## Problem
What you produce should be an exact transcription of the data, minus any pictures.

## Provided information

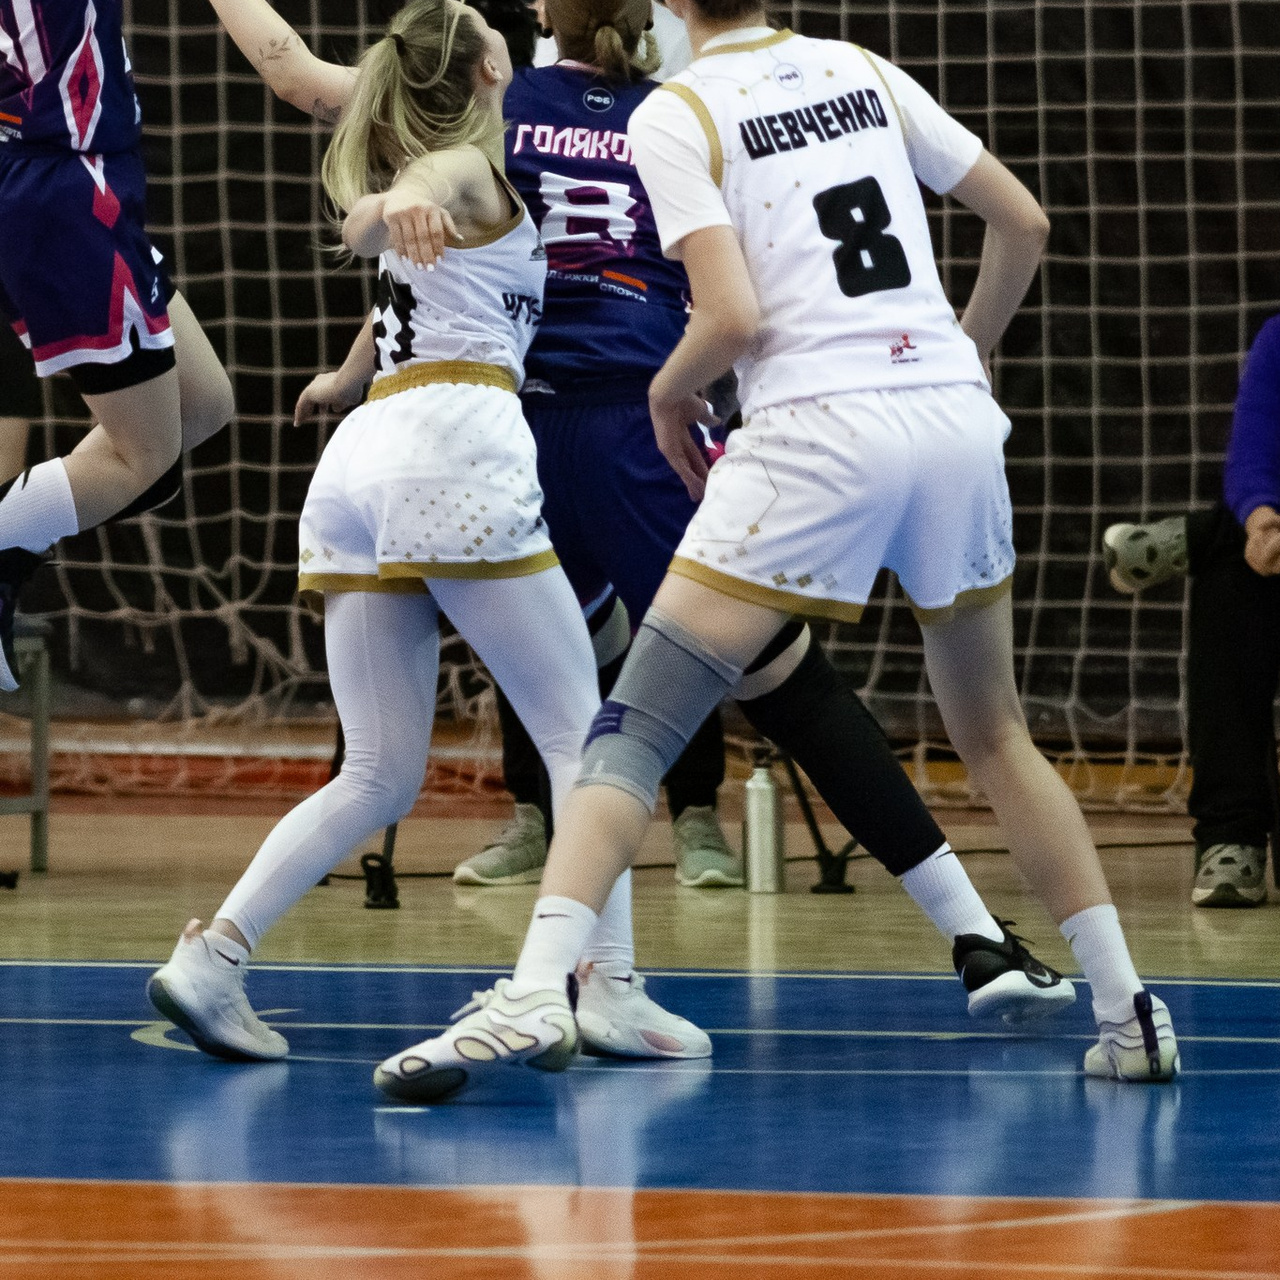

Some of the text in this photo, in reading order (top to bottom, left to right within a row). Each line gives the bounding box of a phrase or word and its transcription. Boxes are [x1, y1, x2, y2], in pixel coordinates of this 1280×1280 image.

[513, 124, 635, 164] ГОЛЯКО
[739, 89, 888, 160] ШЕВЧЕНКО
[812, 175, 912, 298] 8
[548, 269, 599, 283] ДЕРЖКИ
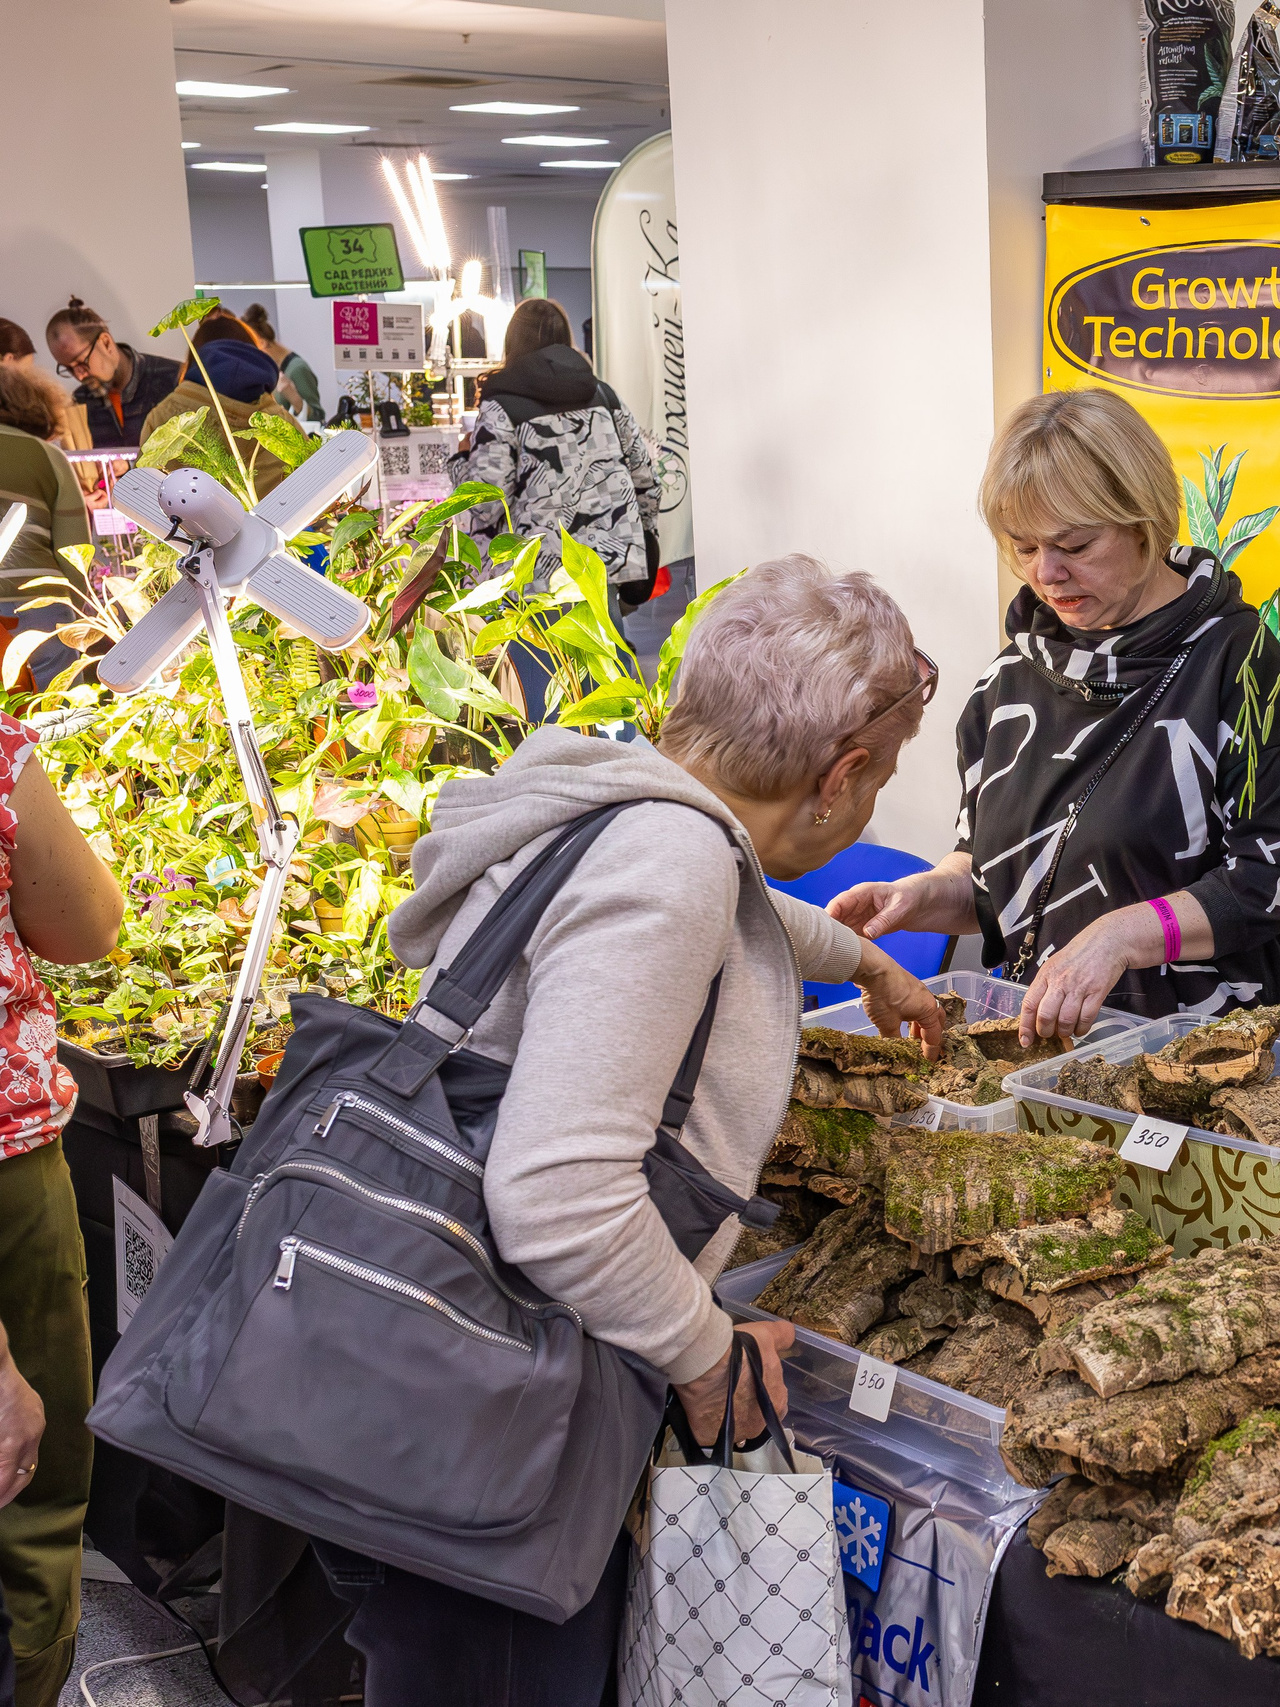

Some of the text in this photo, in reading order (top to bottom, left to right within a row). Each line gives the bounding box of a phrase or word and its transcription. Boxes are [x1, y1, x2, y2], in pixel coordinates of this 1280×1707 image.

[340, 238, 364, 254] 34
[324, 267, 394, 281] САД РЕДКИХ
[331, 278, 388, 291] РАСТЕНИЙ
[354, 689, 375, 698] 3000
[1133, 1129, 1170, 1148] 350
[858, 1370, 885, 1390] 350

## Output of the task
Some of the text in this photo, in reading order (top to bottom, left to right within a row). Each line gives the bounding box of a phrase or word and its transcription. Boxes are [x1, y1, x2, y2], in pixel coordinates of this 1280×1280 image.

[513, 124, 635, 164] ГОЛЯКО
[739, 89, 888, 160] ШЕВЧЕНКО
[812, 175, 912, 298] 8
[548, 269, 599, 283] ДЕРЖКИ

Some of the text in this photo, in reading order (top to bottom, left to right within a row). Each line gives the bounding box of a phrase or word and its transcription. Boxes are [x1, y1, x2, y2], in pixel coordinates of this 1280×1707 image.

[340, 238, 364, 254] 34
[324, 267, 394, 281] САД РЕДКИХ
[331, 278, 388, 291] РАСТЕНИЙ
[354, 689, 375, 698] 3000
[1133, 1129, 1170, 1148] 350
[858, 1370, 885, 1390] 350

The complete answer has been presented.